I rebel against the mobile for the autocratic demands it makes on our lives. There is just no escape from the rest of the world when your attention is constantly distracted by calls, texts, emails and automated reminders.
This particular technophobia goes back to my NHS days when I was forced to carry a Blackberry, a separate Nokia out-of-hours emergency phone and an old-fashioned bleeper just for good measure.
(In the event of a really major emergency, the mobile phone network crashes under the pressure of demand, but bleepers keep on working. How you’re supposed to respond is another matter entirely…)
I became a slave to the technology as the damned things would go off at all hours of the day, demanding an instant response to each and every major and minor problem, mostly minor. The problem is that instant responses tend to be the wrong ones.
You can tell that the resentment lingers because I hadn’t intended that mobile phones should be the subject of today’s little homily. I was supposed to writing about electronic books.
I bought Mrs P a Kindle two Christmases ago and despite her reservations she absolutely loves it.

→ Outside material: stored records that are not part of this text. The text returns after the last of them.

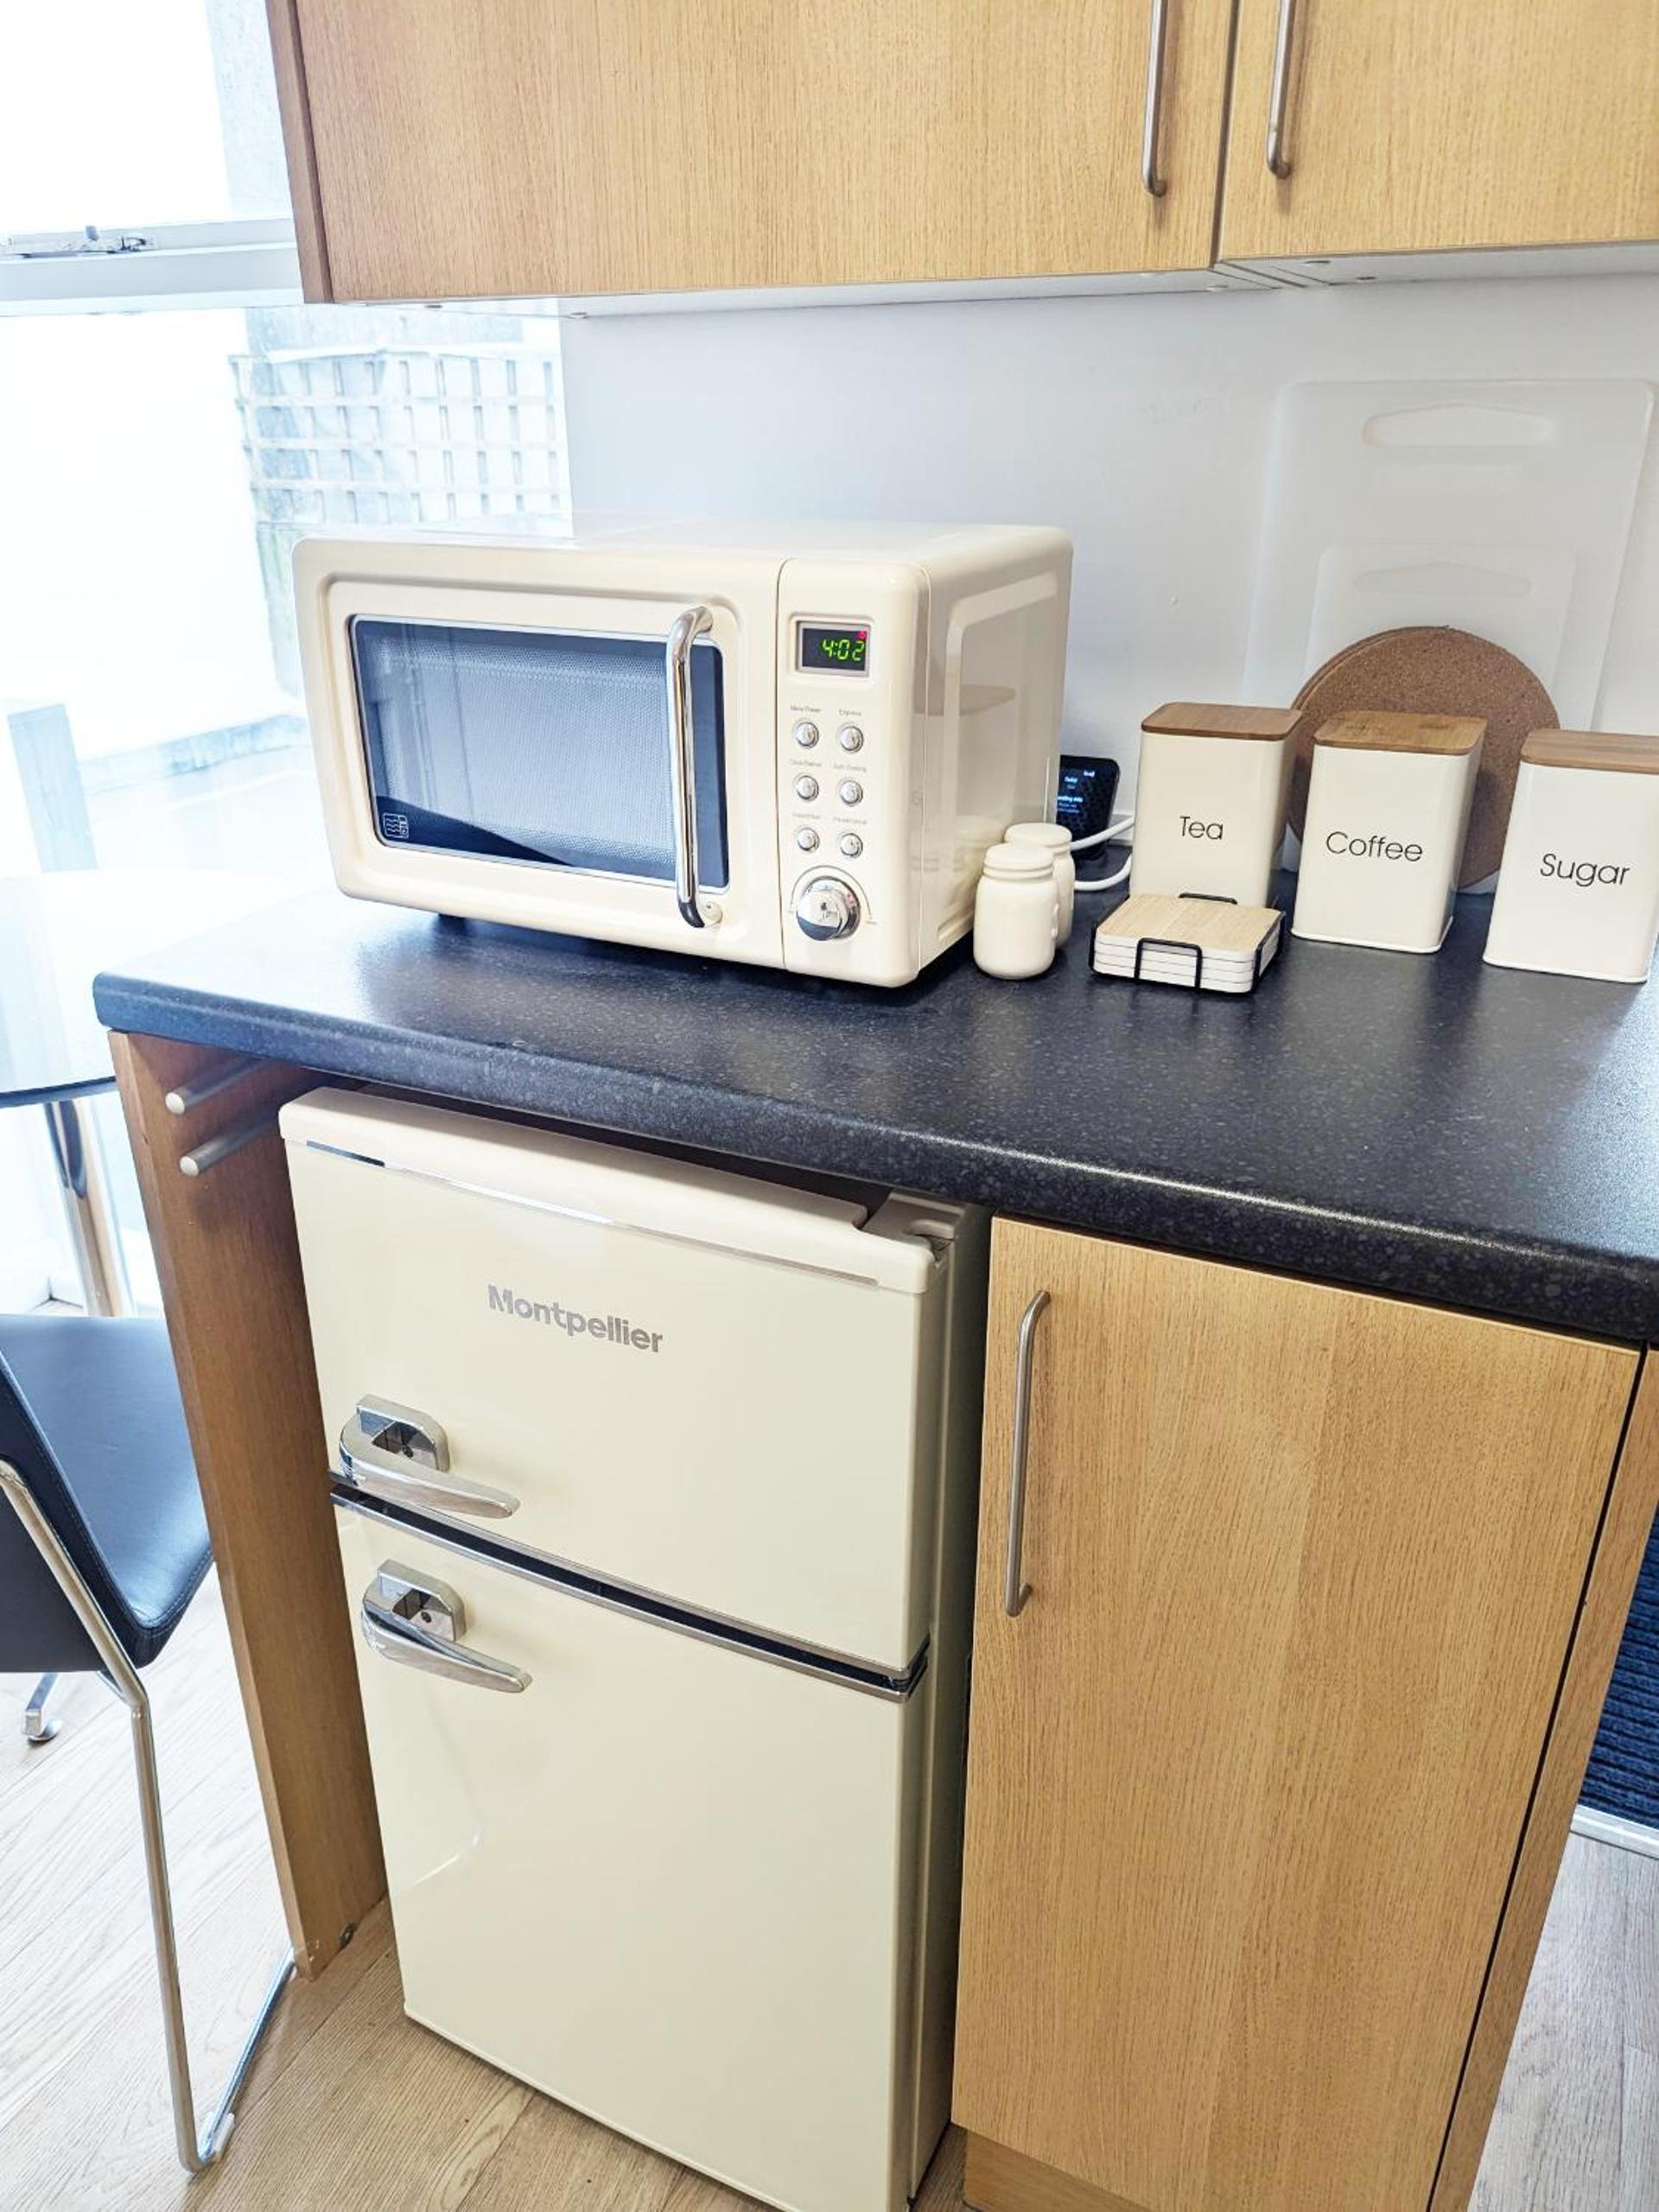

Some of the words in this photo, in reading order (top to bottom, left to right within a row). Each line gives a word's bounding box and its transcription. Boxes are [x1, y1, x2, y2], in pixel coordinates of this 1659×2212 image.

[822, 638, 865, 662] 4:02
[1179, 816, 1224, 841] Tea
[1325, 830, 1424, 862] Coffee
[1540, 853, 1631, 887] Sugar
[487, 1283, 664, 1354] Montpellier

She is an avid reader, getting through three or four books a week and Ebbie (as she named her Kindle) is perfect for her. But I haven’t quite taken to the idea.
Admittedly I don’t have a Kindle, but I have tried the app on my iPad and persevered with a title or two and yet it simply doesn’t feel right. For me reading is a tactile experience – the touch of the paper, the smell of the ink, the patterns of the typography – that the electronic alternative just cannot deliver.
And where will today’s books be in a hundred years time if they have been read and deleted from a billion electronic books?
This question came to me when I picked up The Wonder Book of Soldiers for a pound from a local charity shop. This story of World War I must have once been a popular title as this was the sixth edition published within a year of the end of hostilities.
It was written for boys and girls (no gender stereotyping then) and so has lots of illustrations, but it is written well and in detail, and with relatively little jingoism that you might expect for its time.
My point is, would this little gem have survived if electronic books had existed then, or would it have been consigned to the virtual rubbish bin? And as I asked above, what will become of today’s examples of social history in book form? Or will our future selves simply close the door on the past?
Perhaps willful forgetting will be the way of things. I’m just glad I won’t be around to experience it.
Just to undermine my own argument, you can download The Wonder Book of Soldiers at Electronic Scotland.